Dal 17 giugno Taranto ospita la mostra “Amy Winehouse before Frank by Charles Moriarty”
di Carlotta Magnanini - Foto Charles Moriarty
Quanto si è visto e detto di Amy Winehouse “dopo”, e quanto poco si sa di Amy Winehouse “prima”. Prima di diventare la voce più black della musica bianca, prima dell’esplosione e il successo con l’album Frank – uscì il 20 ottobre 2003 per Island Records.
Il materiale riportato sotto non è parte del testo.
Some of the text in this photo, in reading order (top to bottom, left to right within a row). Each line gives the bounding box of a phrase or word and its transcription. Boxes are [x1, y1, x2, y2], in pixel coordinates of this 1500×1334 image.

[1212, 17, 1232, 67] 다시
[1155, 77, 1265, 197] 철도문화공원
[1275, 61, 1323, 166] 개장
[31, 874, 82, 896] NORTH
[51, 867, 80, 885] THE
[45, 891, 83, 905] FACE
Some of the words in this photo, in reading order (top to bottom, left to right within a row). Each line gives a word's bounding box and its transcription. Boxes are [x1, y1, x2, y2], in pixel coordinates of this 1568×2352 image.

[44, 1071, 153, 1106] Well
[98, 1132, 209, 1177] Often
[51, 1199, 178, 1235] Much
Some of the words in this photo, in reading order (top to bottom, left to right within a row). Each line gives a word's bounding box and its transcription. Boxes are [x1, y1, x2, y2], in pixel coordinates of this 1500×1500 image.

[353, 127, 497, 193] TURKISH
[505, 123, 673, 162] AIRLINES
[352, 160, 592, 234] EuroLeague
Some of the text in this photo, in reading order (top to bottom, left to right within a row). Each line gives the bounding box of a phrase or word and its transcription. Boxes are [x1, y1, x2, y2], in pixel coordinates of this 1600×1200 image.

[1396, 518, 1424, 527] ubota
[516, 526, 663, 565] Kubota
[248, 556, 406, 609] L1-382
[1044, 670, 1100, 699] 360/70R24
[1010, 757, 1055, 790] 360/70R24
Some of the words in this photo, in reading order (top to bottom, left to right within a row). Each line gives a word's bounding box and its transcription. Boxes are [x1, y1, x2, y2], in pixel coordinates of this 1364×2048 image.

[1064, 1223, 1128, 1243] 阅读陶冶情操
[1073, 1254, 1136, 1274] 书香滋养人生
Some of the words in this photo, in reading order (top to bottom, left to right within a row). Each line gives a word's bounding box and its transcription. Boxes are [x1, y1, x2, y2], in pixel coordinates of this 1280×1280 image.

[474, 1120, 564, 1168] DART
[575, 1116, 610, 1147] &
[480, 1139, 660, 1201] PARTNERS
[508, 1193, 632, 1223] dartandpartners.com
E prima di entrare nel tunnel più cupo e distruttivo, prima di entrare insomma in quel maledetto Club 27, il privé musicale di tossici uccisi dal gap tra il proprio talento e l’incapacità di saperlo gestire. Ora la galleria bolognese Ono arte contemporanea (fondata nel 2011 da Maurizio Guidoni e Vittoria Mainoldi) prova a raccontare il prologo di quella che è stata la carriera fulminea e fulminante di Winehouse: attraverso una cinquantina di scatti (per lo più inediti) del fotografo inglese e suo amico Charles Moriarty per il Medimex, rassegna tarantina di musica e non solo dalla sempre più ricca lineup (dal 17 al 21 giugno ci saranno St. Vincent, Primal Scream e Massive Attack). La mostra Amy Winehouse before Frank by Charles Moriarty resterà invece fino al 6 luglio al MArTA, Museo archeologico nazionale di Taranto.